BAŞBAKAN SAMİMİ OLSA DA…

“Neden piyasaların fazla heyecanlanmadığını” piyasacıların yanısıra TEPAV Direktörü Prof. Güven Sak’a da sordum. Sak, başlayan sürece “güven arttırıcı süreç” denilmesinin daha doğru olacağını söyledi. Zaten AB ile “yeni bir konu bulup yeniden güven arttırıcı bir süreç başlatsak” arayışının olduğunu, göçmen meselesinin bunun için iyi bir vesile olabileceğini söyledi. Bu sürecin çok iyi kullanılması gerektiğini, sonrasında yeniden normal bir ilişki sürecine girme imkanı doğduğunu kaydeden Sak, sorum üzerine “Zaten bu arada Kıbrıs gibi önemli meselelerde somut adımlar atabilirsek normalleşme için çok önemli bir yolu almış oluruz” dedi. Ancak şimdi bundan bağımsız AB ile Türkiye arasında göçmen sorunu üzerinden karşılıklı güven oluşturma imkanının iyi kullanılması gerektiğini söyledi.

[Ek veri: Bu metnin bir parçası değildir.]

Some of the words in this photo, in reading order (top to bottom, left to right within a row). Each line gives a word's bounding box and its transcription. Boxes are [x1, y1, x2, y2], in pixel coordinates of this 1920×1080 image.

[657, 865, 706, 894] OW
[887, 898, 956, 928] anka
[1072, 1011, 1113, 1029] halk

Sak’ın da dediği gibi; belli ki AB ile normalleşmenin henüz öncesindeyiz ve yapılacaklar yeniden bir normal müzakere sürecinin başlayıp başlamayacağı, yani “siyaset ve ekonomi için AB çıpasının yeniden oluşturulması” adına bir ön adım olacak.

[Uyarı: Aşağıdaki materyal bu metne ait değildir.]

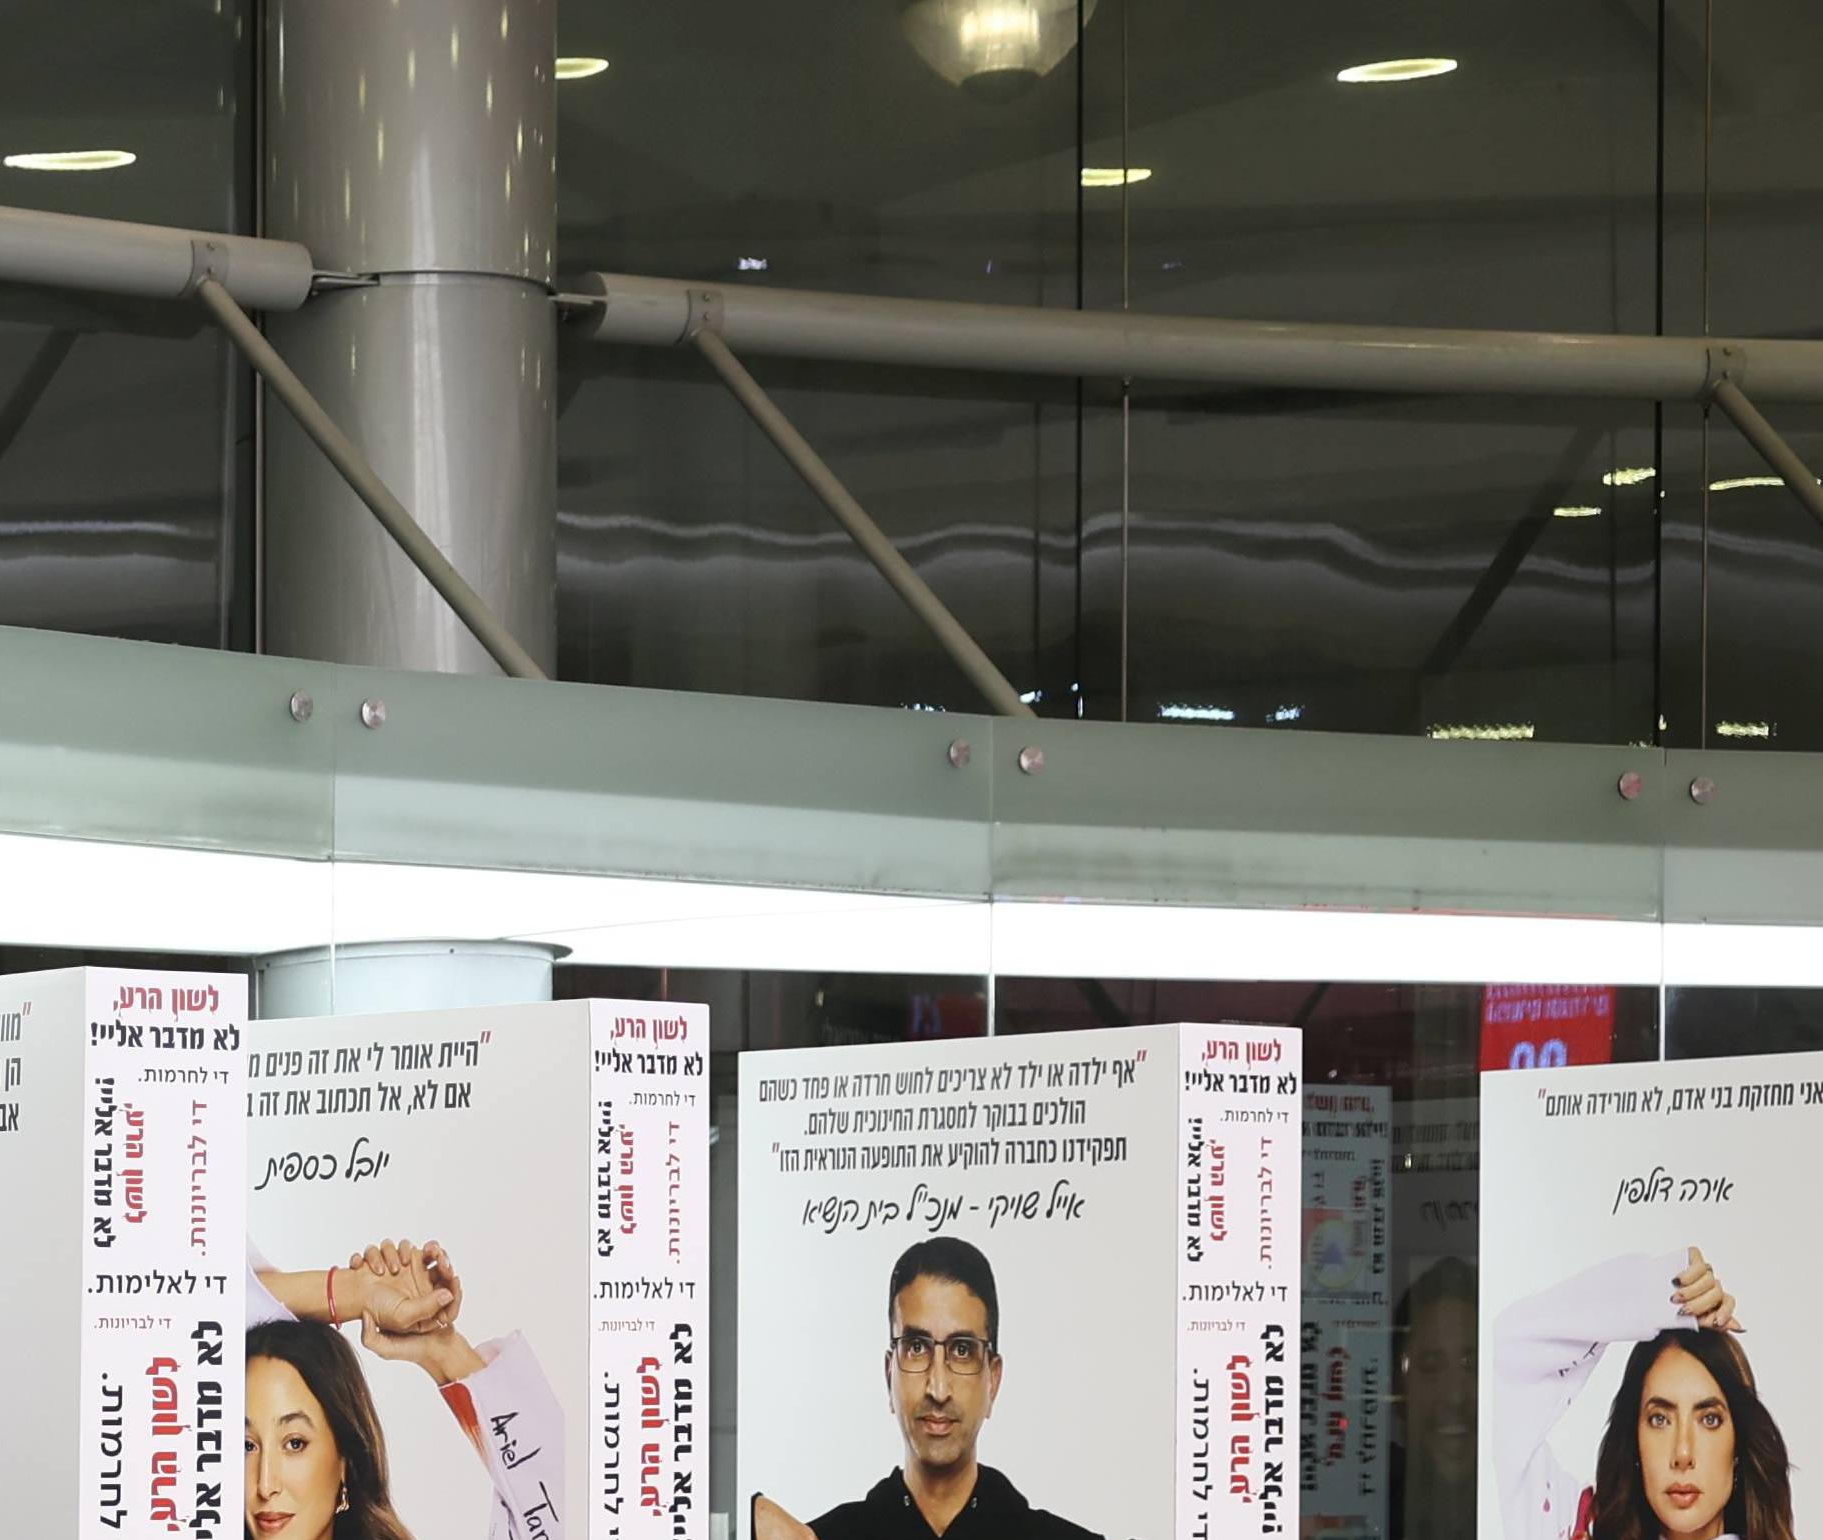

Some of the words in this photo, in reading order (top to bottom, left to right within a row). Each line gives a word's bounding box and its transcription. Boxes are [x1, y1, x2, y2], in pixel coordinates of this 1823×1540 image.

[171, 983, 219, 1022] לשון
[265, 1050, 303, 1078] פנים
[307, 1049, 330, 1075] זה
[333, 1047, 362, 1074] את
[366, 1041, 385, 1072] לי
[390, 1043, 434, 1071] אומר
[852, 1072, 891, 1098] חרדה
[895, 1066, 934, 1096] לחוש
[937, 1067, 988, 1094] צריכים
[990, 1061, 1013, 1091] לא
[1017, 1060, 1043, 1089] ילד
[1046, 1063, 1065, 1088] או
[1068, 1056, 1108, 1087] ילדה
[1228, 1073, 1271, 1094] מדבר
[1276, 1071, 1297, 1095] לא
[316, 1087, 371, 1115] תכתוב
[377, 1081, 402, 1112] אל
[444, 1081, 471, 1109] אם
[759, 1078, 798, 1103] כשהם
[801, 1076, 830, 1100] פחד
[833, 1075, 849, 1099] או
[1641, 1085, 1664, 1113] לא
[1710, 1086, 1733, 1109] בני
[1737, 1082, 1795, 1112] מחזקת
[259, 1091, 280, 1117] זה
[284, 1089, 311, 1116] את
[917, 1100, 978, 1131] למסגרת
[1032, 1096, 1086, 1126] הולכים
[1586, 1091, 1638, 1115] מורידה
[852, 1107, 914, 1134] החינוכית
[982, 1102, 1028, 1133] בבוקר
[344, 1136, 390, 1183] יובל
[803, 1146, 857, 1172] הנוראית
[861, 1144, 917, 1170] התופעה
[920, 1143, 943, 1168] את
[947, 1137, 1000, 1171] להוקיע
[1005, 1138, 1057, 1165] כחברה
[1062, 1136, 1127, 1167] תפקידנו
[254, 1151, 338, 1191] כספית

Başbakan Davutoğlu’nun bu konuda samimi olabileceğini düşünüyorum. Ancak Başbakanın yönetimdeki etkisinin sınırlı görülmesi güvensizliği yaratan asıl unsur. Aksi takdirde zaten Başbakan Brüksel’e gitmeden 2 gün önce Can Dündar ve Erdem Gül içeri alınmaz, Türkiye’nin eli zayıflatılmazdı…

Türkiye’nin fiili olarak girdiği otoriterleşmeyi yasal zemine oturtmaya çalıştığı açıkça görünürken, AB ile yakınlaşmada ciddi şüpheler yaşanması çok doğal sayılmalı.